Music at University of Manitoba
University of Manitoba. Non-denominational university founded in Winnipeg in 1877, and granted its first degrees in 1880. Originally located on Broadway, it moved to its Fort Garry site in 1929 but maintained the Broadway facilities for many years. In 1990 its School of Music (established in 1964) offered a 4-year B MUS program in performance, music history, and composition, and a 5-year integrated B MUS/B ED program.
Music has been a focus of extracurricular activity at the University of Manitoba. By the early 1930s the Glee Club was presenting a Gilbert & Sullivan operetta annually. Starting in 1940, the 80-player University SO, conducted successively by Ronald W. Gibson, Frank Thorolfson, and Filmer Hubble, performed Beethoven and Mozart symphonies and accompanied soloists (eg, Gordon Kushner in 1942 and 1945) at the Winnipeg Auditorium and the Walker Theatre. In the 1940s the university band, chamber music groups the Choral Society and the Glee Club flourished. Most of these groups broadcast over the western network of the CBC.

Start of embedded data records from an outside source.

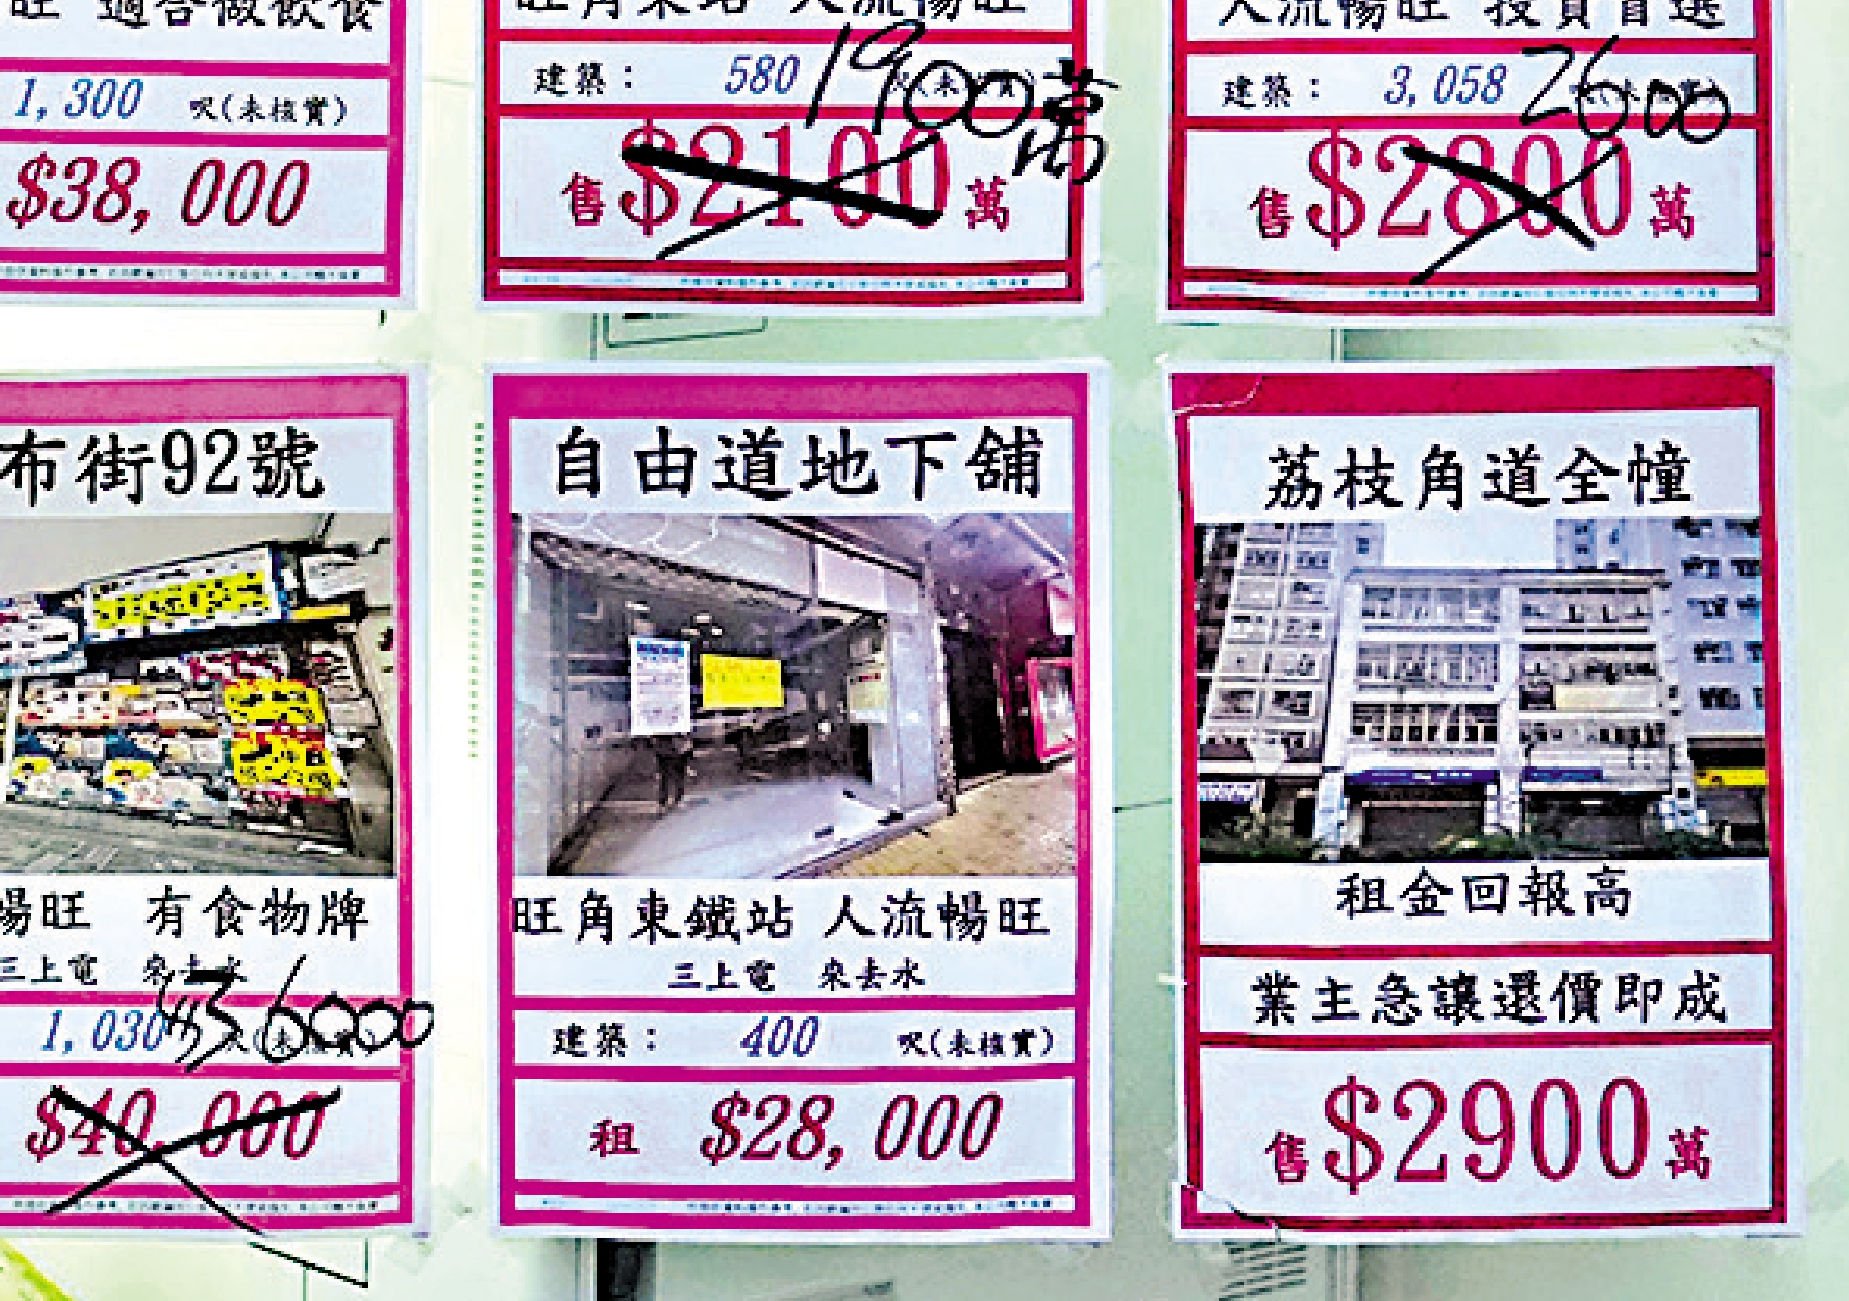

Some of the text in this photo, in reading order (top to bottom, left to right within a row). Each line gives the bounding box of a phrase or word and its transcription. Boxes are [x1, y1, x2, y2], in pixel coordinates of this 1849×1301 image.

[14, 77, 143, 123] 1,300
[724, 56, 800, 95] 580
[1384, 65, 1509, 108] 3,058
[5, 152, 312, 232] $38,000
[554, 424, 1044, 501] 自由道地下舖
[1264, 441, 1693, 512] 荔枝角道全幢
[144, 889, 370, 942] 有食物牌
[1337, 864, 1633, 919] 租金回報高
[512, 892, 1050, 947] 旺角東鐵站 人流暢旺
[1250, 971, 1728, 1026] 業主急讓還價即成
[739, 1016, 819, 1058] 400
[590, 1091, 1003, 1170] 租 $28,000
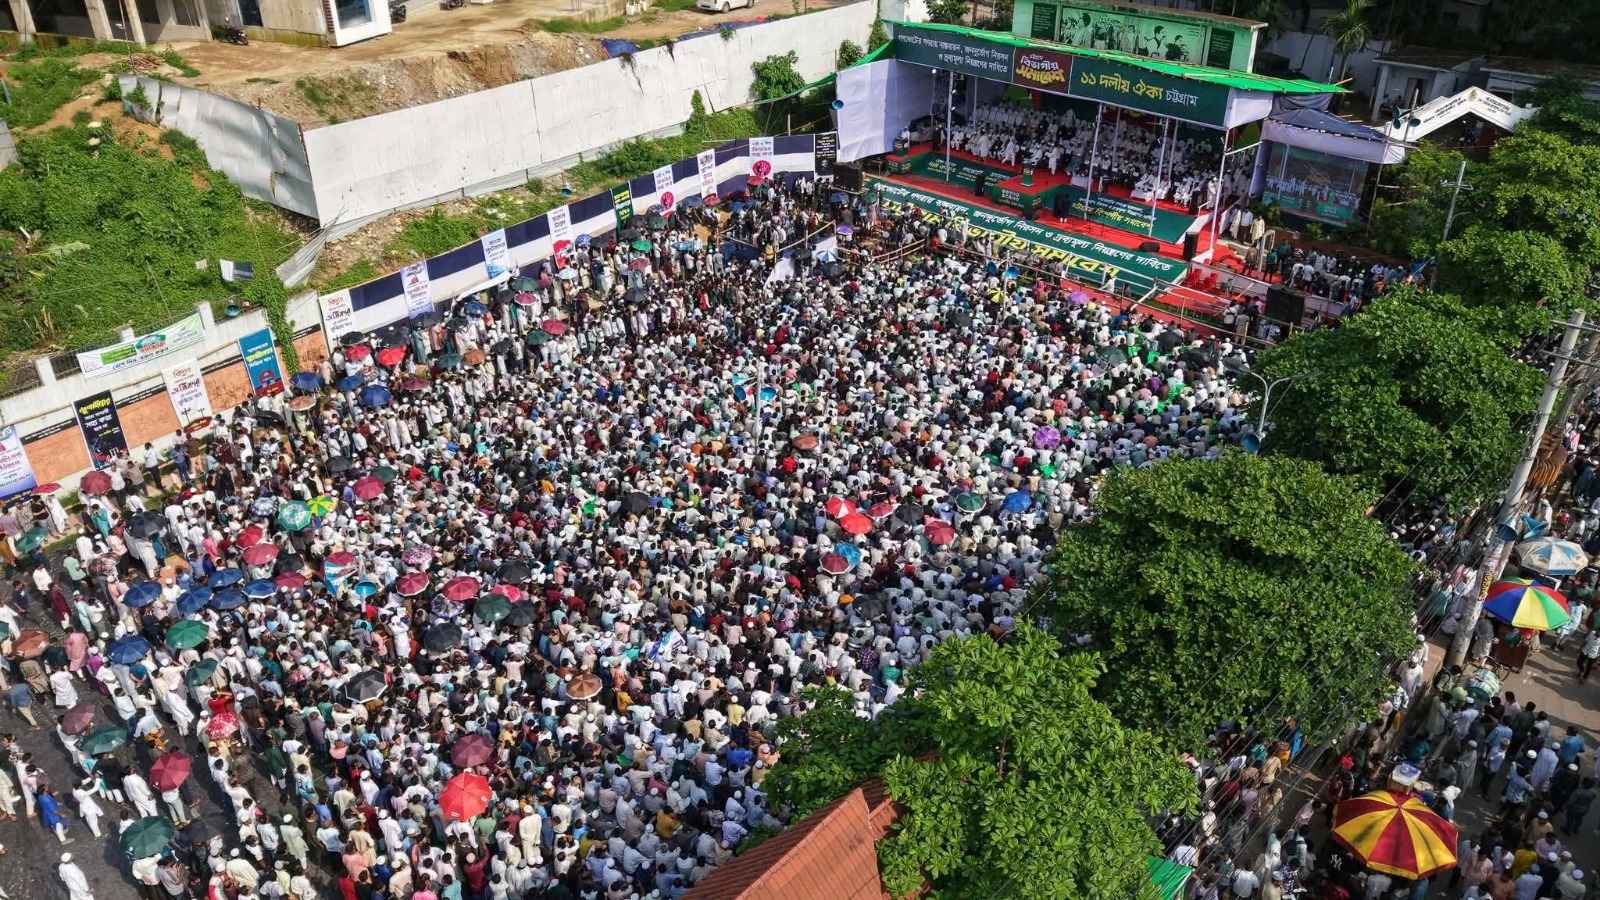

In 1934 the university joined the University of Saskatchewan, the University of Alberta, and the departments of education of the three provinces, to form the WBM, whose purpose it was to devise and administer a diploma program, initiated in 1936. In the 1944-5 academic year the university's newly-created Dept of Music began providing arts and science students with elective courses in theory and history at the Broadway buildings.
The School of Music was established in 1964 and offered a 3-year B MUS (general) and a 4-year B MUS (honours). The first degrees were awarded in 1967. The 4-year B MUS program was introduced in 1974, and the B MUS/B ED program in 1984. The position of director of music antedated both the school and the department. Incumbents have been: Robert Fletcher (chairman, Advisory Board) 1936, Eva Clare 1937-49, Ronald W. Gibson 1949-63, Leonard Isaacs 1963-74, Carl F. Haenselman 1974-8, Paul W. Paterson 1978-83, and T. Herman Keahey 1983-9, succeeded by Richard W. Wedgewood in 1989.
The school's building was opened in 1965. Its facilities included the 240-seat Eva Clare Recital Hall, classrooms, teaching and practice studios, and a library. The Men's Music Club of Winnipeg donated a two-manual Casavant baroque organ and the school has acquired a Beckerath tracker practice organ. The school maintains a collection of replica and antique historical instruments, including a square piano (Adam Berger, London, 1784), a Dolmetsch clavichord and a Streicher grand chosen by Brahms for the original owner, who was a relative of the donor, Ferdinand Eckhardt. There is a well-equipped electronic studio.
In 1990 there were 120 students and 46 teachers (14 full-time and 32 part-time; many of the latter members of the Winnipeg Symphony Orchestra). The school has an active concert series. It also sponsors an annual winter festival which features guest speakers, symposia, and recitals on a different topic each year. The Manitoba University Consort (1963-70) helped advance the cause of early music. Other performing groups have included the University of Manitoba SO, Concert Band and Stage Band, Collegium Musicum (Winnipeg), Percussion Ensemble, Prairie Consort of Recorders and the University Singers. The latter ensemble, organized in 1978 by its conductor, Henry Engbrecht, won the CBC Radio Competition for Amateur Choirs in 1990. It has made two recordings, been broadcast by the CBC, given workshops and concert tours in Ontario, Quebec, northern USA, Holland, Austria, and Germany (Stuttgart's Internationale Bach Akademie). It has made appearances with the Winnipeg SO, the Manitoba Chamber Orchestra, and the Royal Winnipeg Ballet.
For the univeristy's centennial, John Greer (music gold medalist in 1976) wrote the U of M March, 1877-1977 for orchestra and chorus. The school administers the Richardson Foundation Scholarships and annually conducts the Lawrence Genser Peformance Scholarship auditions. The university has conferred honorary degrees on John Waterhouse (1965), Filmer Hubble (1967), Mstislav Rostropovich (1975), Bernard Naylor (1980), and Maureen Forrester (1988).
In 1983 director Keahey introduced the Division of Preparatory Studies. In 1990 1000 students were enrolled in Music for Children classes (taught at two locations in Winnipeg), a Suzuki program in strings and piano, or in one-to-one instrumental or vocal lessons taught throughout the city in the private studios of authorized teachers. Theoretical and historical subjects are taught on campus, as well as special programs for gifted youth and special needs students. In 1990 the preparatory division was administered by Ann Lugsdin (co-ordinator), Joanne Martin (Suzuki), and Ruth Wiwchar (Music for Children).